Speaking of De La Cruz, and having nothing else to talk about, today is as good a time as any to make myself look stupid by choosing some prospects on whims and gut instincts. So let's do it!
Winning the prestigious Mark McCormick Award, for the sleeper prospect who has not done much but once had very impressive scouting remarks in a paragraph I read on MLB.com several years ago, is the very same Roberto De La Cruz! He has four of the five overrated prospect tools: a big bonus; age-relative-to-league, even the Gulf Coast League; a hook (the biggest Latin American investment to not be voided in Cardinals history); and a name that's easy to remember. (All he's missing to be a Five Tool Non-Player is an imposing physical presence, but he could grow into his frame, I guess... but growing into one's frame is another tool entirely.)
The Mike Sillman Award for impressive statistics that leave scouts (and people who normalize statistics) completely cold—named for recent retiree Mike Sillman's awesome 2006 season—goes to another physically unimpressive right-hander, Casey Mulligan. Mulligan might just get the award named after himself, someday, provided he never makes an impact for the St. Louis Cardinals; his 2009 was a remarkable achievement, combining a brief flattening of one level (36 K and 5 BB in 20 Midwest League innings) with general excellence at three. And he's young for his leagues!

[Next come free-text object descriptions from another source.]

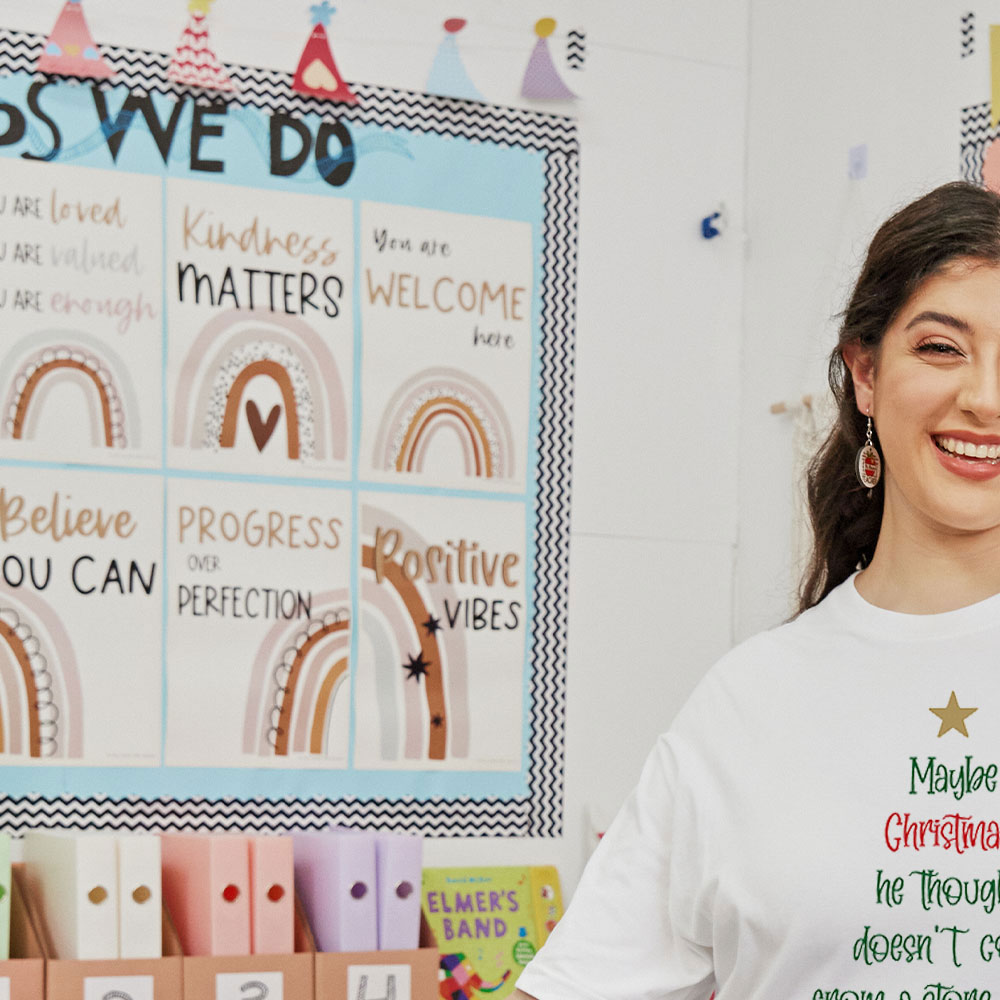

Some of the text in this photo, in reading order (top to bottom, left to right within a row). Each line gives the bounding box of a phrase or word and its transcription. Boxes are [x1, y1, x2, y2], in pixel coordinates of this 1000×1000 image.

[89, 83, 230, 173] WE
[269, 111, 356, 187] DO
[13, 195, 42, 219] ARE
[50, 187, 126, 229] loved
[182, 204, 339, 267] Kindness
[373, 227, 452, 257] You are
[13, 242, 42, 266] ARE
[50, 236, 143, 276] valued
[13, 289, 42, 313] ARE
[50, 290, 157, 336] enough
[366, 270, 526, 321] WELCOME
[472, 325, 516, 350] here
[0, 486, 138, 543] Believe
[179, 505, 343, 549] PROGRESS
[71, 555, 156, 595] CAN
[187, 554, 221, 572] OVER
[374, 526, 521, 588] Positive
[178, 585, 312, 620] PERFECTION
[443, 598, 522, 631] VIBES
[908, 755, 999, 801] Maybe
[427, 890, 519, 913] ELMER'S
[875, 868, 904, 906] he
[443, 918, 507, 941] BAND
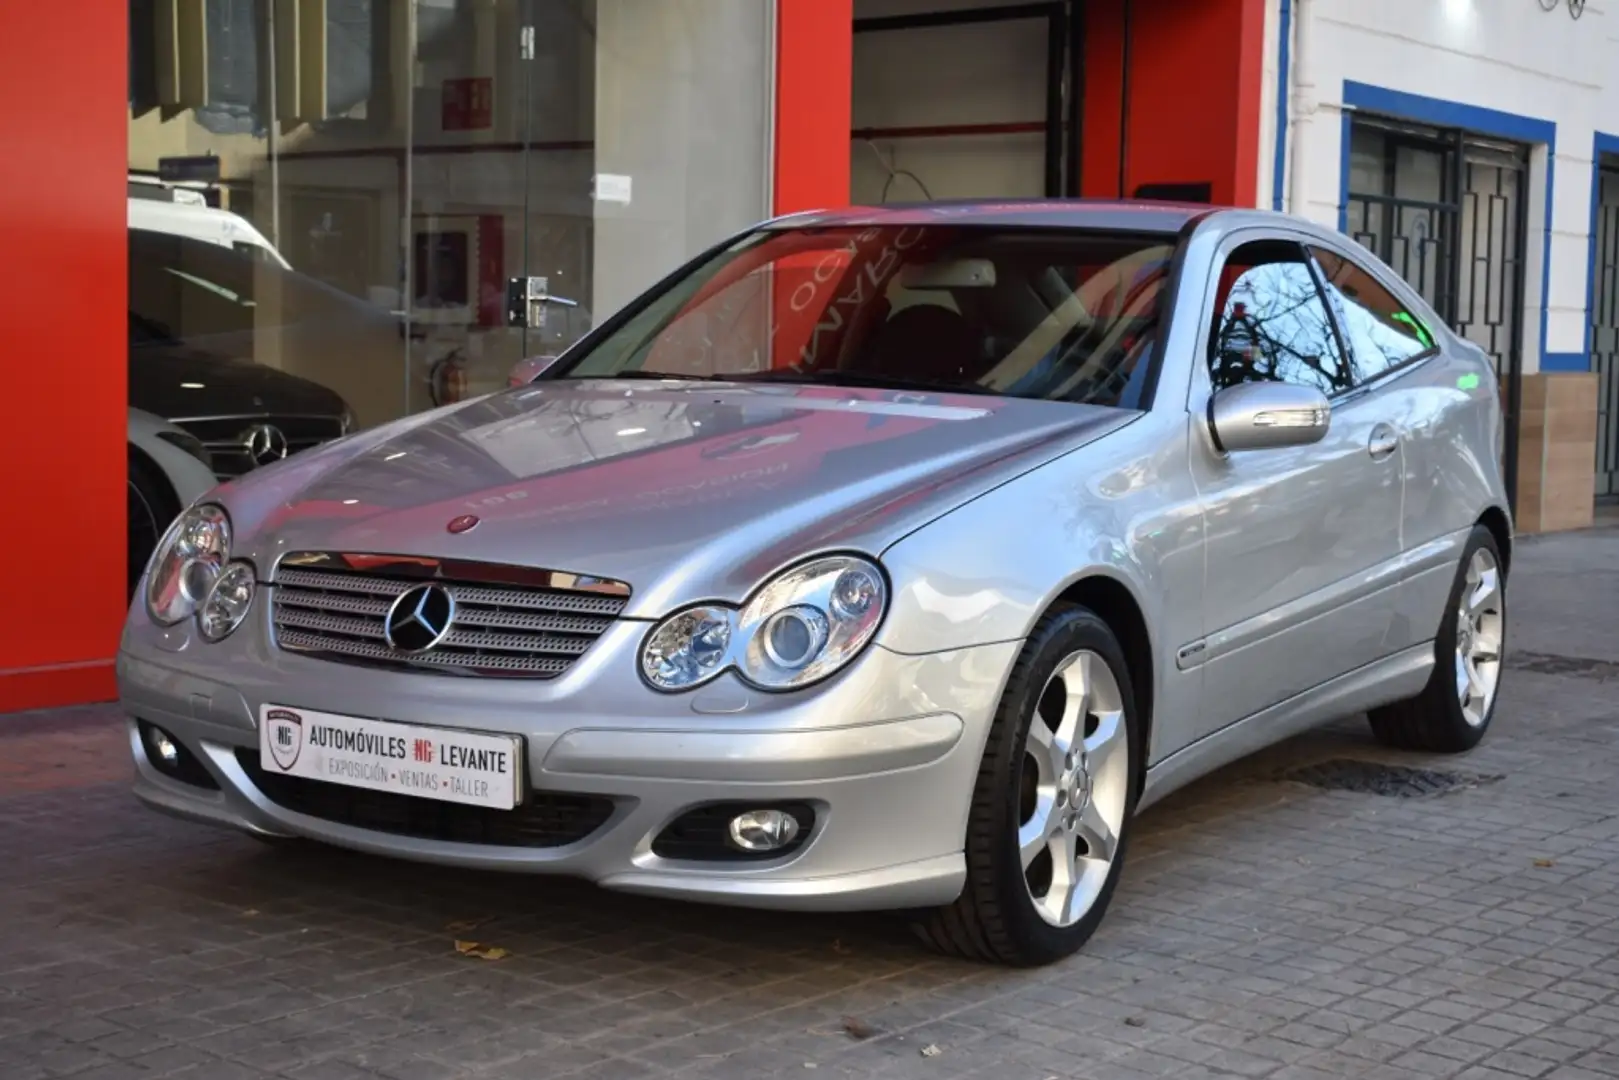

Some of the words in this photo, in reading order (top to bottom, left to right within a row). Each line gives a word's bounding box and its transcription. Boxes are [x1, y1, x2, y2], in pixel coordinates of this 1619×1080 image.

[309, 725, 406, 759] AUTOMÓVILES
[440, 743, 507, 774] LEVANTE
[328, 757, 388, 783] EXPOSICIÓN
[399, 769, 438, 791] VENTAS
[449, 776, 489, 798] TALLER

The Jon Edwards Award is awarded each year to the player who makes me look the most like one of the brain-dead tools hounds depicted in Moneyball. This year there's a repeat winner—it's Tommy Pham, who can do everything except hit the ball when he swings at it. Pham is young for his league, he can run and hit for power, and it doesn't matter, because he struck out 102 times in 336 at-bats. But since he's still just 22, and the career path has mostly worked for Daryl Jones, I'm forced to keep watching him. (As an added prospect-I-overrate bonus, he had a big second half, hitting .250/.353/.450 after a .210/.275/.313 start.)

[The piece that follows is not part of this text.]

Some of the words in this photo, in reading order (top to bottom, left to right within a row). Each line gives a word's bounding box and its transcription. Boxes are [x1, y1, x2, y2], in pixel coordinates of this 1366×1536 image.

And finally, the Gary Daley Award for becoming an interesting prospect by being so terrible is, after a late run from De La Cruz, Gary Daley! After sticking around despite his 2008 GCL performance, which is quite possibly the worst 10.1 innings anyone has ever pitched in 17 games (and 11 starts!) of professional baseball, he must have known he'd have to try something new in 2009. So after some underground Spring Training hype he got off to a reasonable start in the Quad Cities, scuffled terribly, and then got promoted to AA Springfield anyway!
I can't even begin to think how he'll top himself this year—as nearly as I can fathom, he'll be perfect in Spring Training, dominate Memphis for a month, get called up, and then vanish from the bullpen in a cloud of acrid smoke when La Russa attempts to bring him in during a nationally televised game.